Semakin mendekati hari yang dijanjikan, Hinata semakin merasa gelisah. Ia bahkan belum tahu apa Sasuke akan mengikuti keinginan sang ibu atau memilih untuk membatalkannya. Di satu sisi, Hinata juga tidak bisa membayangkan apa yang akan terjadi jika memang janji itu benar-benar terlaksana.

"Lima hari lagi, ya?" ujar Sai saat suatu kesempatan mempertemukan mereka di ruang baca di lantai satu. "Pengganti malam pertama yang tidak berjalan mulus?"

"Ti-tidak akan terjadi hal-hal seperti yang kaubayangkan," ujar Hinata yang kini sudah lebih berani melawan godaan Sai padanya. Sepeninggal Mikoto dan menghilangnya Sasuke, Hinata sedikitnya sadar bahwa ia harus bisa melindungi dirinya sendiri dari kata-kata Sai yang sering bernada mengejek dan seakan hendak mempermalukannya.

Sai terkekeh. "Memangnya apa yang kubayangkan?"

Hinata menggelengkan kepalanya dan memilih tidak menanggapi kata-kata Sai yang penuh jebakan. Fokus Hinata ia pusatkan pada buku yang tengah ia pegang. Namun, rupanya Sai bukan pejuang yang mudah menyerah. Ia kini menyingkirkan buku Hinata dan membuat perhatian gadis itu kembali padanya.

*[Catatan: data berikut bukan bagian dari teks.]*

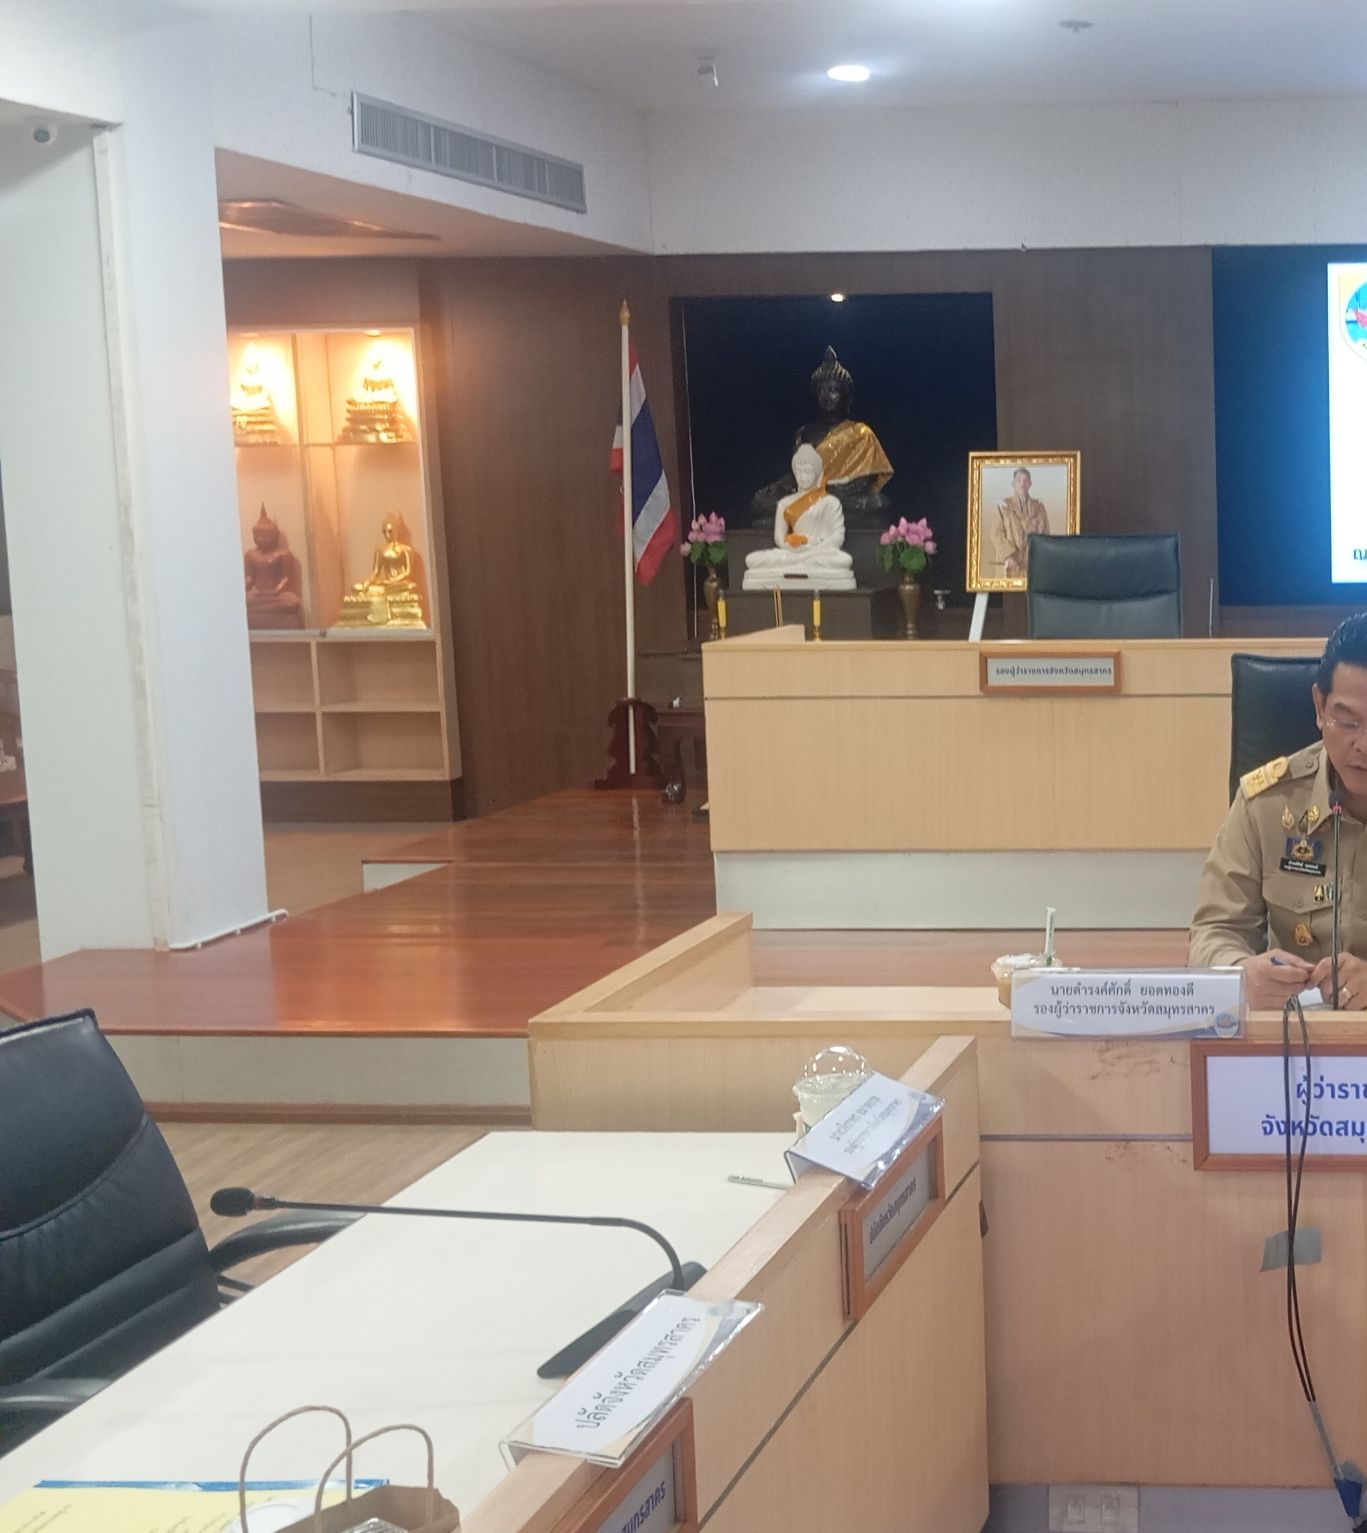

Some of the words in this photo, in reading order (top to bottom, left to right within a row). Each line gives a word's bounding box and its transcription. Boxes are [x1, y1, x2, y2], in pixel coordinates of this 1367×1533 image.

[1353, 548, 1367, 560] ณ
[1140, 982, 1194, 996] ยอดทองดี
[1034, 1000, 1215, 1020] รองผู้ว่าราชการจังหวัดสมุทรสาคร
[576, 1316, 701, 1429] ปลัดจังหวัดสมุทรสาคร
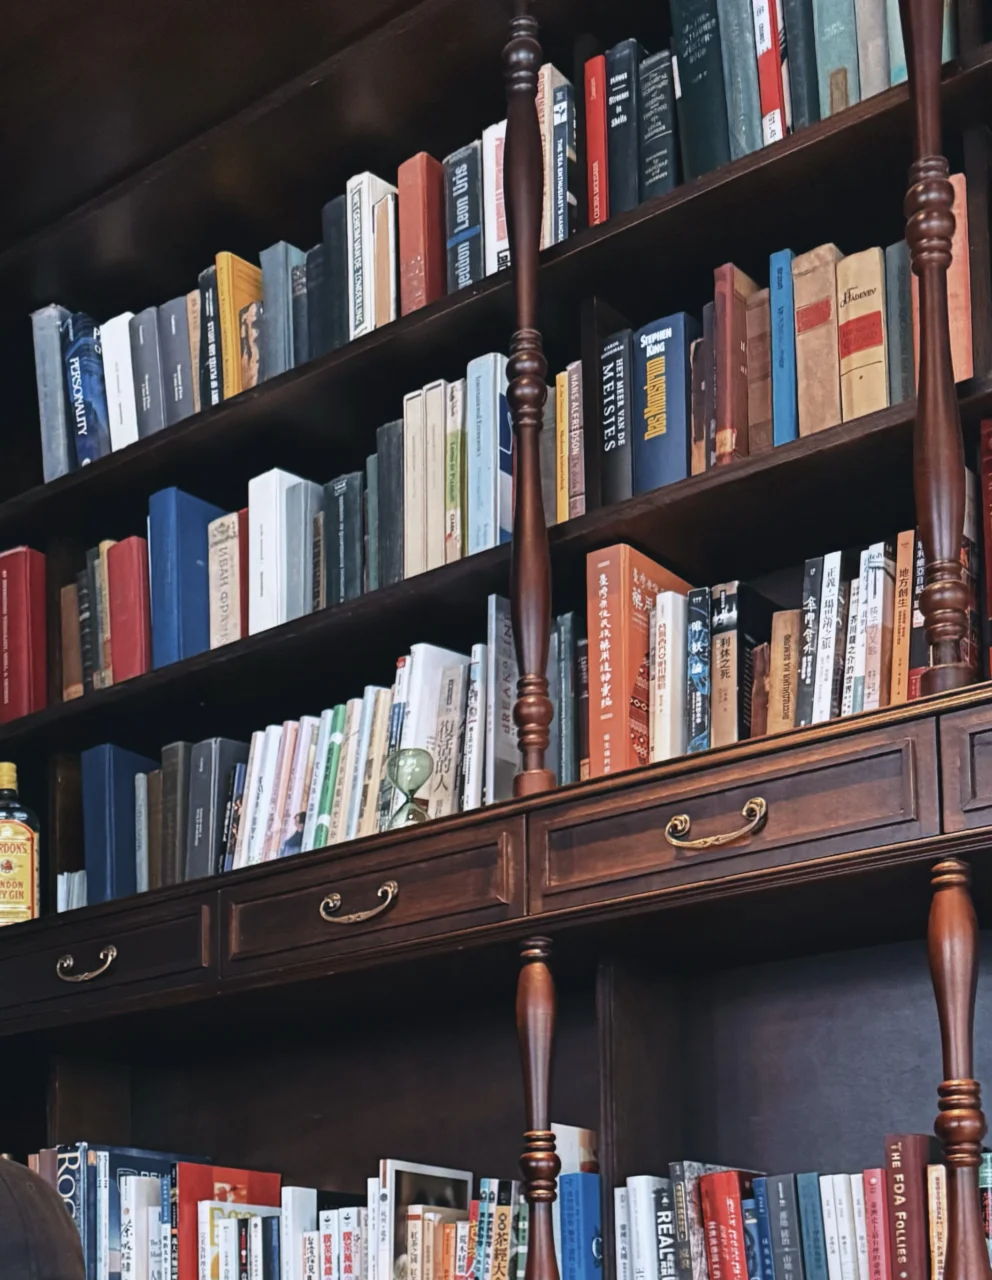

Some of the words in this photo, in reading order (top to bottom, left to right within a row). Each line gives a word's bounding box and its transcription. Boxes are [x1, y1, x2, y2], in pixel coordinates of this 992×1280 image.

"Kulihat kau sudah semakin dapat beradaptasi di sini. Bukan begitu?"

Untuk sepersekian detik, Hinata bungkam. Tapi dengan mata yang menatap balik ke arah Sai, Hinata pun menjawab, "Apa … aku harus terus merasa canggung di tempat yang sudah menjadi rumahku?"

Sai tersenyum hingga matanya semakin menyipit. Ia pun mengembalikan buku Hinata sebelum membalikkan badannya. Dengan tangan yang sedikit terentang dan bahu yang sedikit naik, Sai kemudian melontarkan kata-kata tajam.

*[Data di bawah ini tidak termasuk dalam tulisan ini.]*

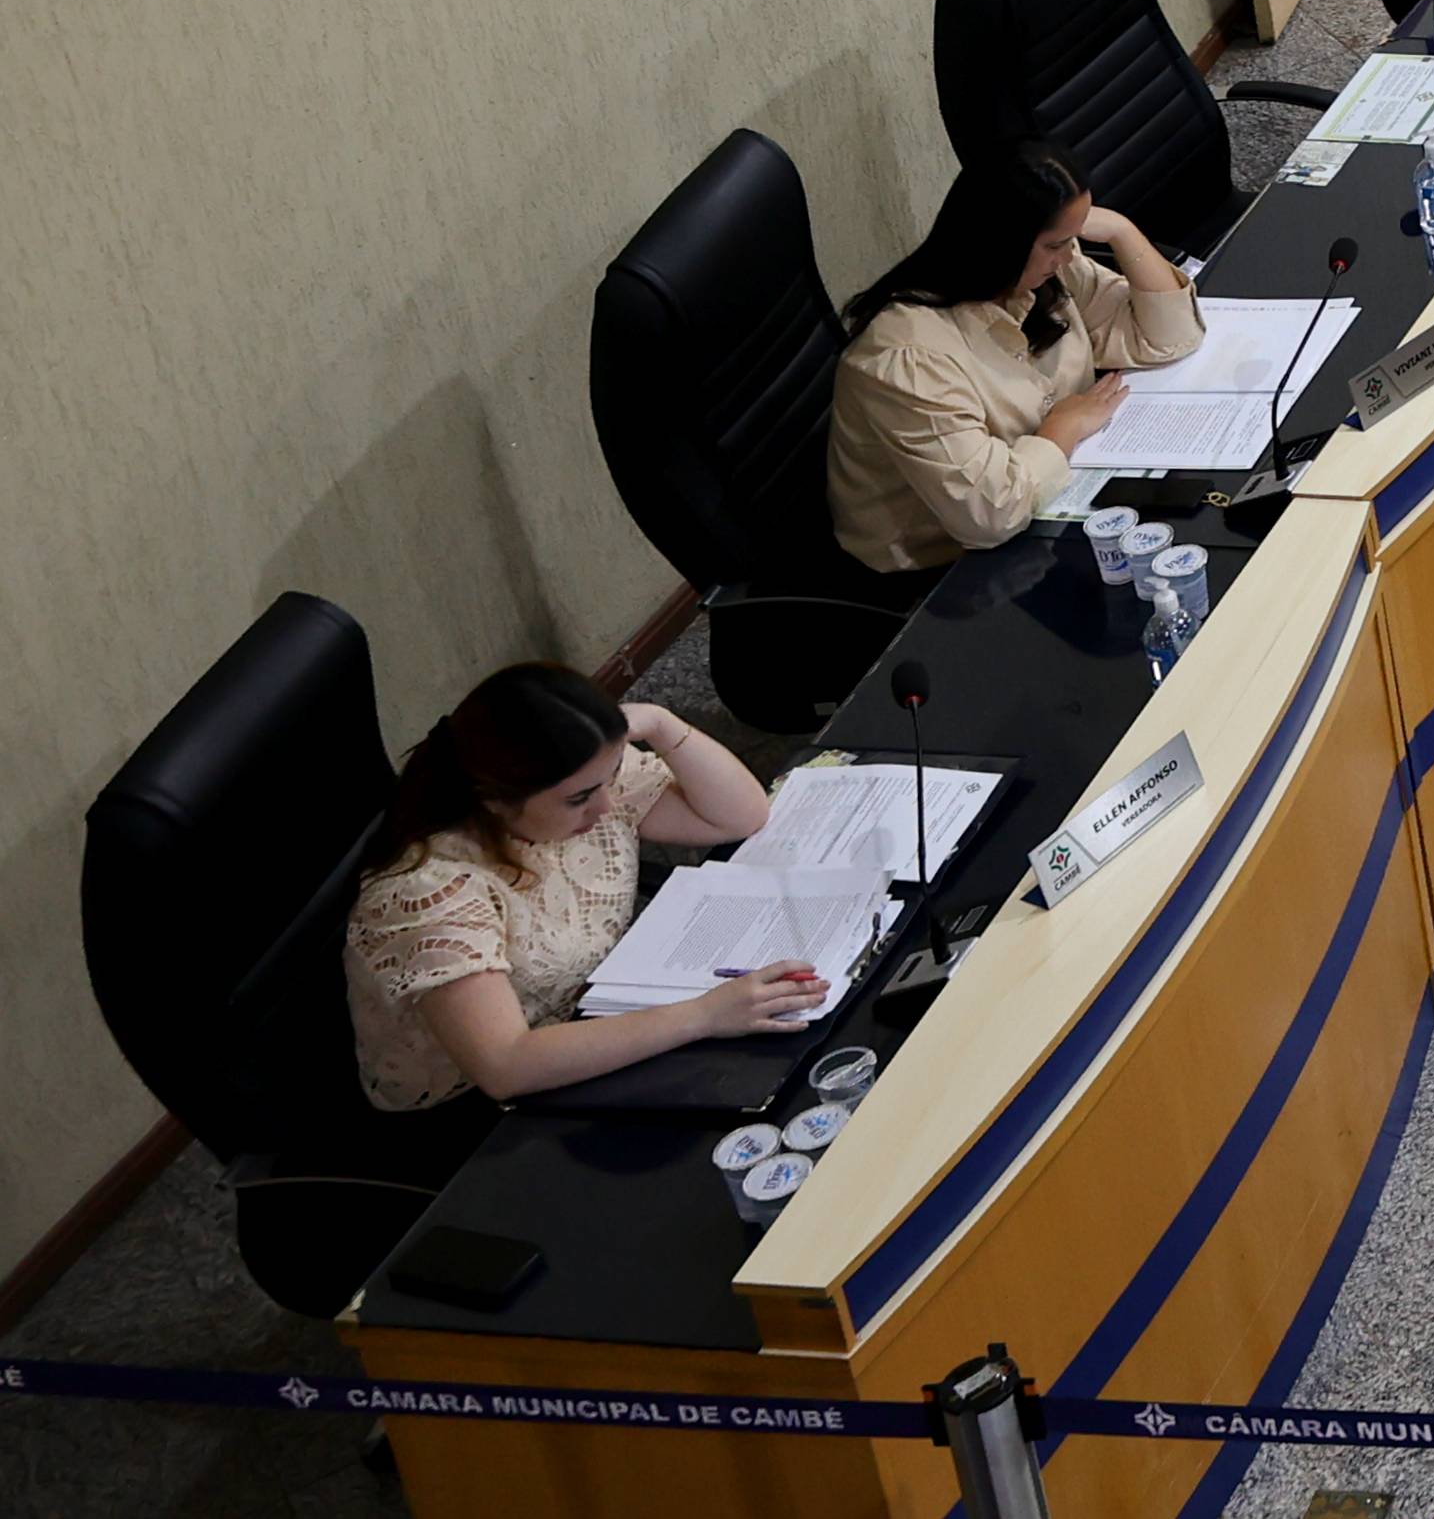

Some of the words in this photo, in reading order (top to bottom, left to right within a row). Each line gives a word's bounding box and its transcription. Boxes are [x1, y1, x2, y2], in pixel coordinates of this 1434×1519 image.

[1394, 346, 1433, 376] VIVIANI
[1092, 801, 1128, 834] ELLEN
[1128, 759, 1178, 806] AFFONSO
[1121, 792, 1162, 827] VEREADORA
[1054, 864, 1082, 891] CAMBÉ
[347, 1386, 483, 1413] CÂMARA
[492, 1394, 670, 1423] MUNICIPAL
[679, 1404, 722, 1425] DE
[731, 1406, 845, 1430] CAMBÉ
[1205, 1412, 1347, 1439] CÂMARA

"Hidupmu menyenangkan sekali, ya, Kakak Ipar. Meski keluargamu bangkrut, kaudapat dengan segera menyelesaikannya. Cukup dengan menjadi istri dari orang yang sudah tergila-gila denganmu. Dan sekarang, meski orang itu kerap mengabaikanmu, bagimu itu bukanlah persoalan penting. Toh kau tidak ada perasaan apa pun padanya."

Buku Hinata sudah tertutup saat Hinata kemudian membalas pernyataan Sai dengan sebuah pertanyaan, "Apa … maksudmu?"

Kepala Sai menoleh ke belakang. Keduanya menatap intens satu sama lain. Meski Hinata terlihat seolah ia hendak menangis, tapi di sisi lain, gadis itu terlihat begitu memantapkan hati.

Sai pun menarik sebelah ujung bibirnya—tersenyum sinis. "Pikir saja sendiri."

Segera setelah itu, Sai pun meninggalkan Hinata di ruang baca yang hening. Hari itu seharusnya adalah hari libur—Hari Minggu. Tapi kediaman Uchiha tidak ada bedanya dengan hari-hari biasa. Dipenuhi kesunyian.

Bukan berarti Hinata tidak terbiasa. Ini sudah Minggu keduanya mengalami hal semacam ini. Yang Hinata tahu, Fugaku memang tidak ke mana-mana dan memilih beristirahat di kamarnya. Sementara Itachi, entah apa yang kakak iparnya itu lakukan akhir-akhir ini, tapi wajah pemuda itu kian hari makin terlihat lelah meski ia mencoba menutupinya dengan senyum—seolah ada beban pikiran yang begitu menggerogotinya. Dan di hari Minggu ini, pagi-pagi sekali ia sudah beranjak ke luar rumah.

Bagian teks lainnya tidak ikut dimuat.